**Task prompt**.
All of the entries are to be repeated exactly, with no pictures included.

**Dataset records**.
*** Block opens ***

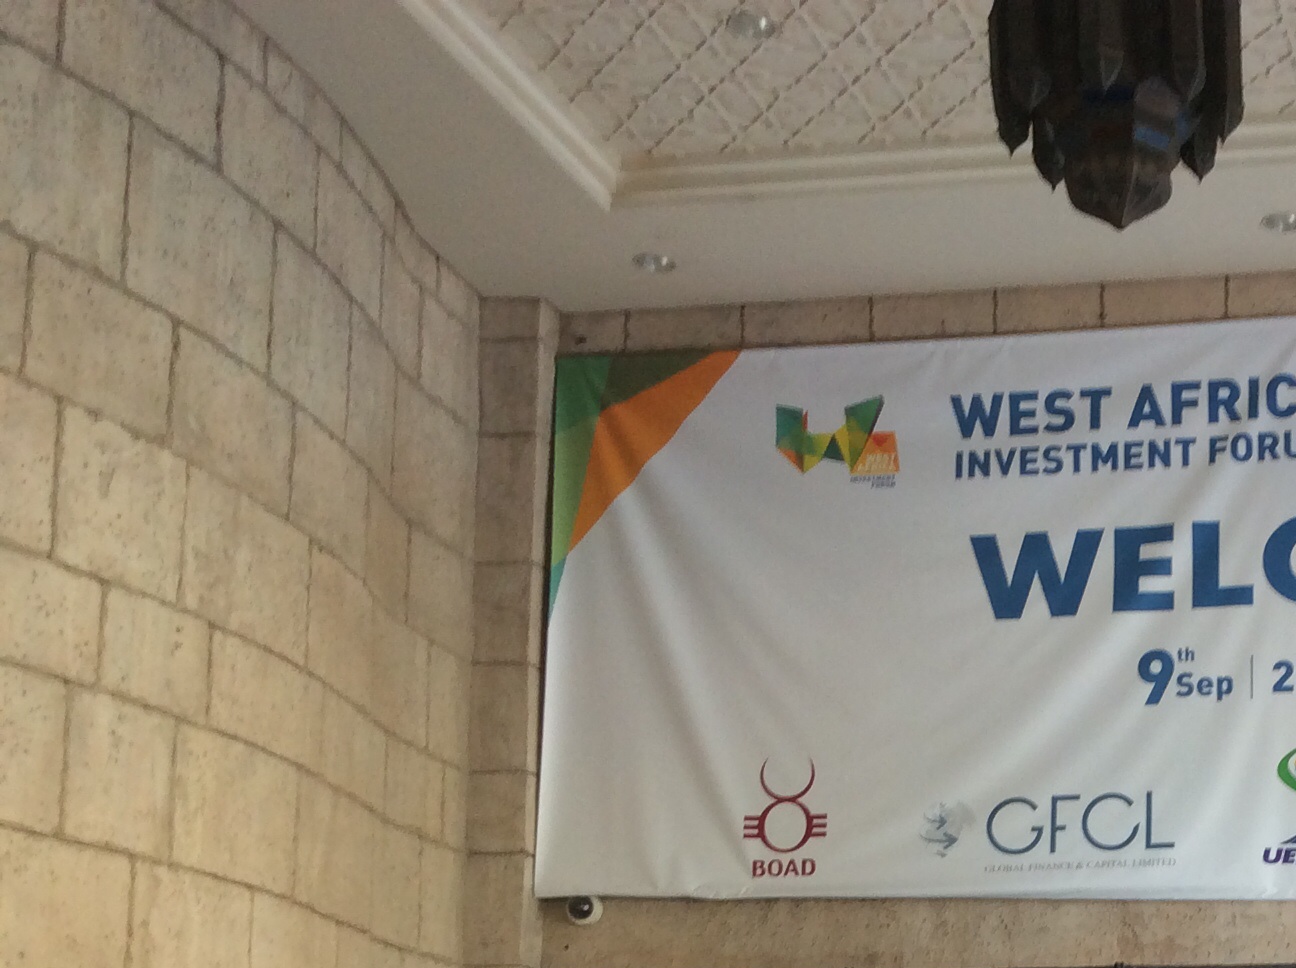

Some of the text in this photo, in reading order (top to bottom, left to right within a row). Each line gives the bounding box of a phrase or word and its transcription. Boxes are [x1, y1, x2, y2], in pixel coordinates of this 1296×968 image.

[950, 386, 1112, 439] WEST
[954, 436, 1197, 480] INVESTMENT
[1175, 671, 1234, 702] Sep
[986, 790, 1175, 854] GFCL
[752, 858, 816, 877] BOAD
[1028, 861, 1075, 872] FINANCE
[1086, 859, 1127, 869] CAPITAL
[1132, 857, 1176, 868] LIMITED
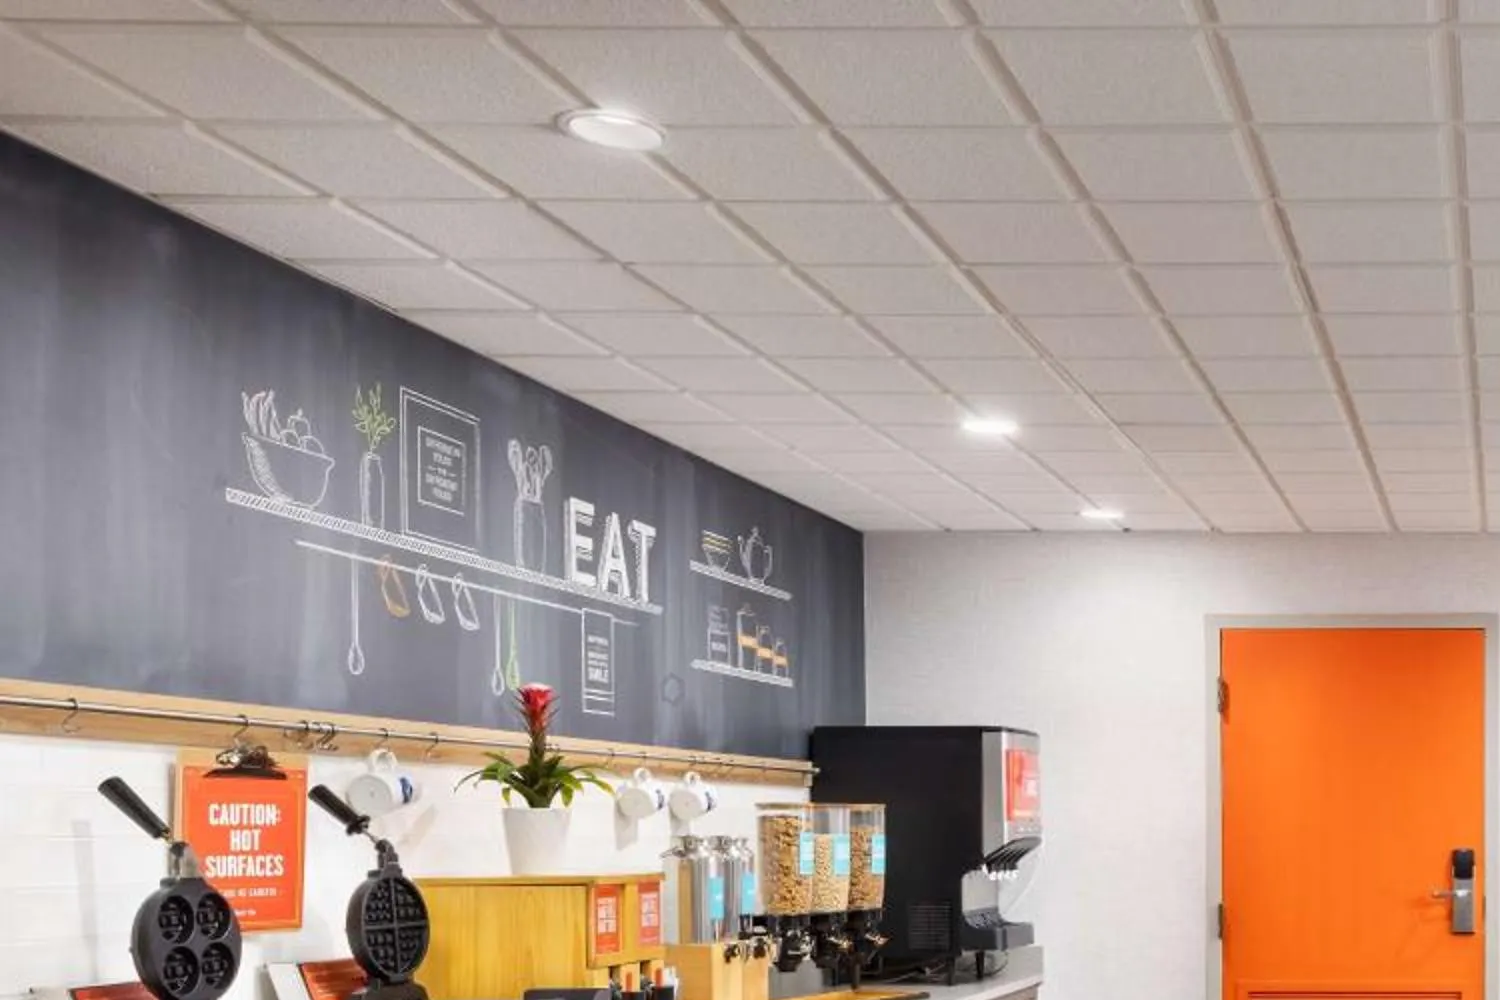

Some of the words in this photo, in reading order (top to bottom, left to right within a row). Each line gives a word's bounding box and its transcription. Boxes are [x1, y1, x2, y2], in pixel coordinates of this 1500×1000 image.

[564, 496, 656, 602] EAT
[208, 803, 281, 826] CAUTION:
[229, 828, 262, 851] HOT
[205, 854, 285, 878] SURFACES
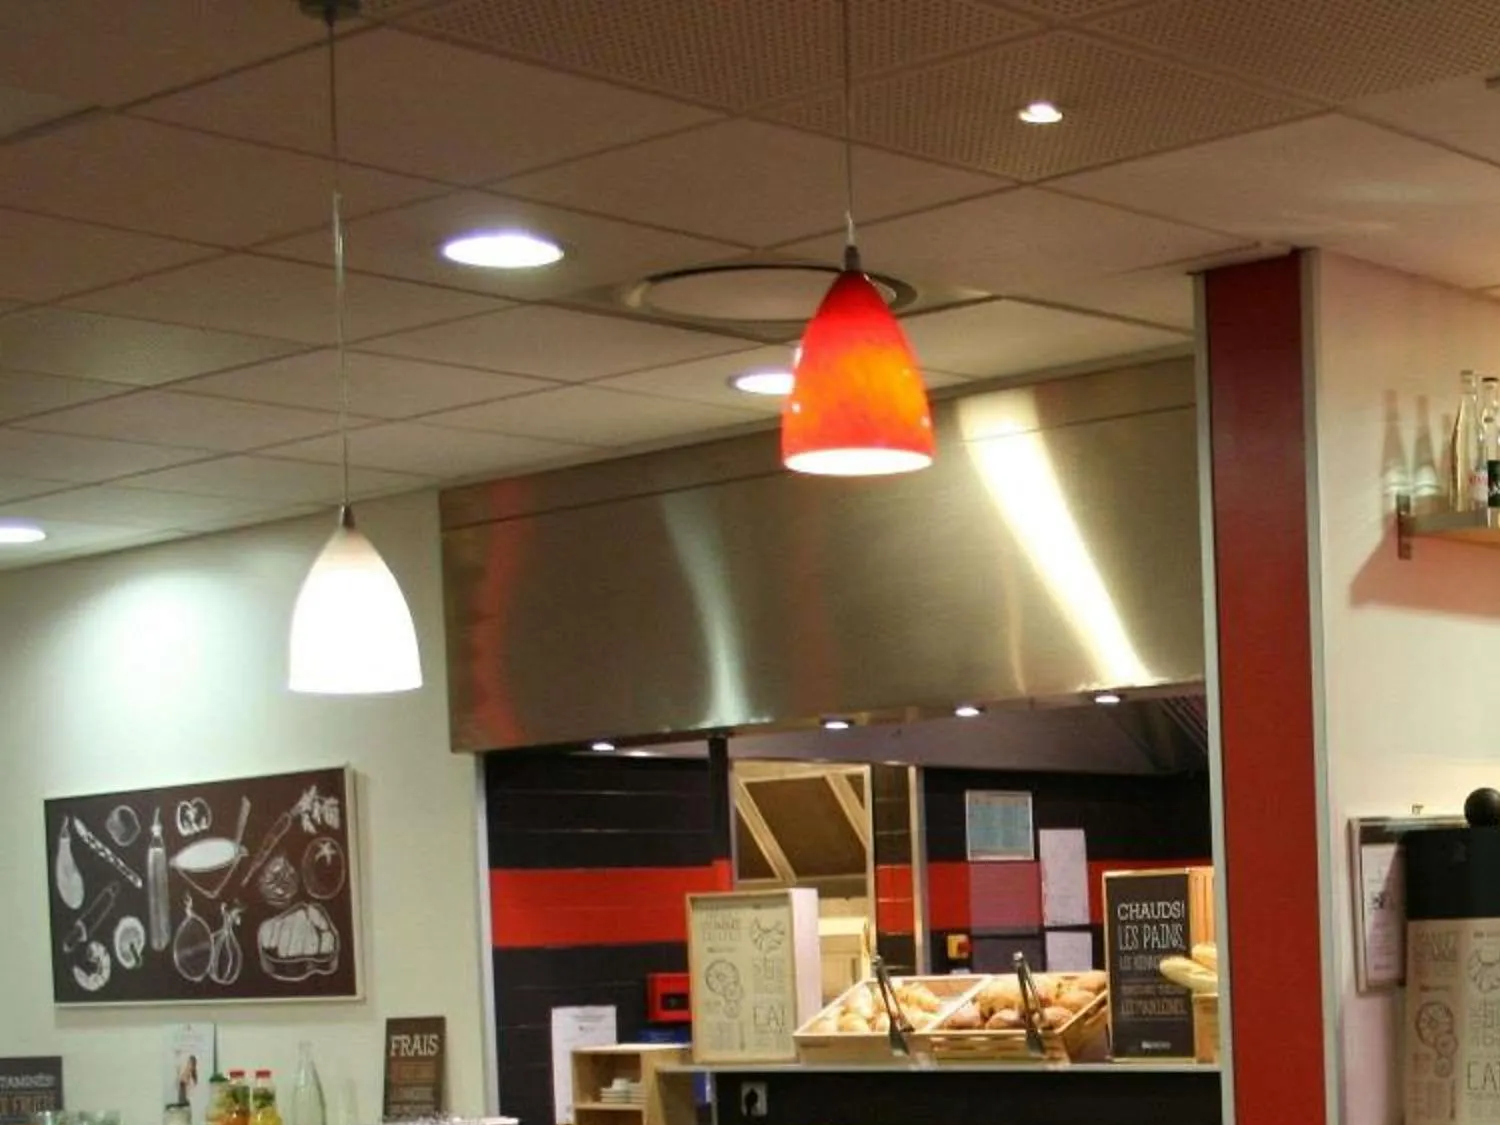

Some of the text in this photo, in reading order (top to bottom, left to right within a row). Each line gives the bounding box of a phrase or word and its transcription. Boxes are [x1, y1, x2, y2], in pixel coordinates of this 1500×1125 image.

[1117, 901, 1185, 920] CHAUDS!
[1118, 923, 1139, 950] LES
[391, 1033, 439, 1057] FRAIS
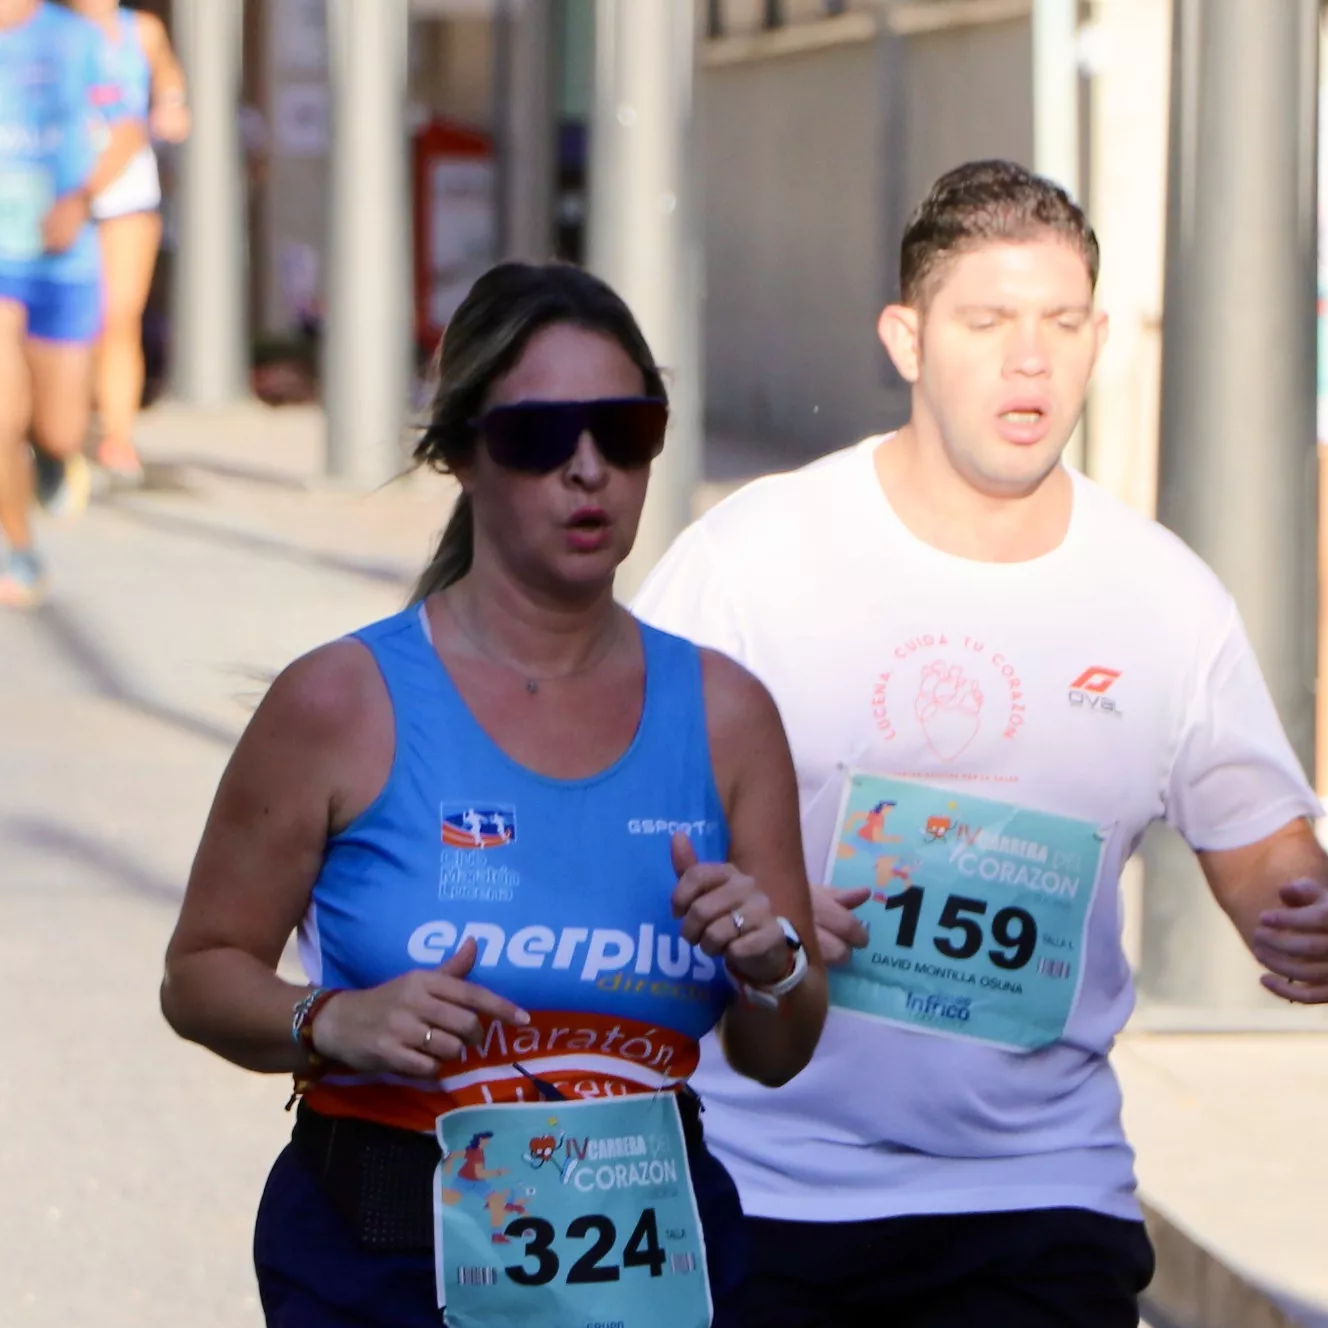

*** Block closes ***

**Response to the task**.
Some of the text in this photo, in reading order (top to bottom, left to right within a row). Each line gives the bounding box of a phrase or word and its transcription. Boxes are [x1, y1, x2, y2], in pixel coordinates of this 1296×968 image.

[950, 386, 1112, 439] WEST
[954, 436, 1197, 480] INVESTMENT
[1175, 671, 1234, 702] Sep
[986, 790, 1175, 854] GFCL
[752, 858, 816, 877] BOAD
[1028, 861, 1075, 872] FINANCE
[1086, 859, 1127, 869] CAPITAL
[1132, 857, 1176, 868] LIMITED

Some of the words in this photo, in reading order (top to bottom, left to right within a row). Each line gives a word's bounding box and its transcription. Boxes are [x1, y1, x2, y2], in pixel coordinates of this 1500×1000 image.

[564, 496, 656, 602] EAT
[208, 803, 281, 826] CAUTION:
[229, 828, 262, 851] HOT
[205, 854, 285, 878] SURFACES

Some of the text in this photo, in reading order (top to bottom, left to right within a row). Each line gives the bounding box of a phrase or word and its transcription. Boxes are [x1, y1, x2, y2], in pixel coordinates of this 1500×1125 image.

[1117, 901, 1185, 920] CHAUDS!
[1118, 923, 1139, 950] LES
[391, 1033, 439, 1057] FRAIS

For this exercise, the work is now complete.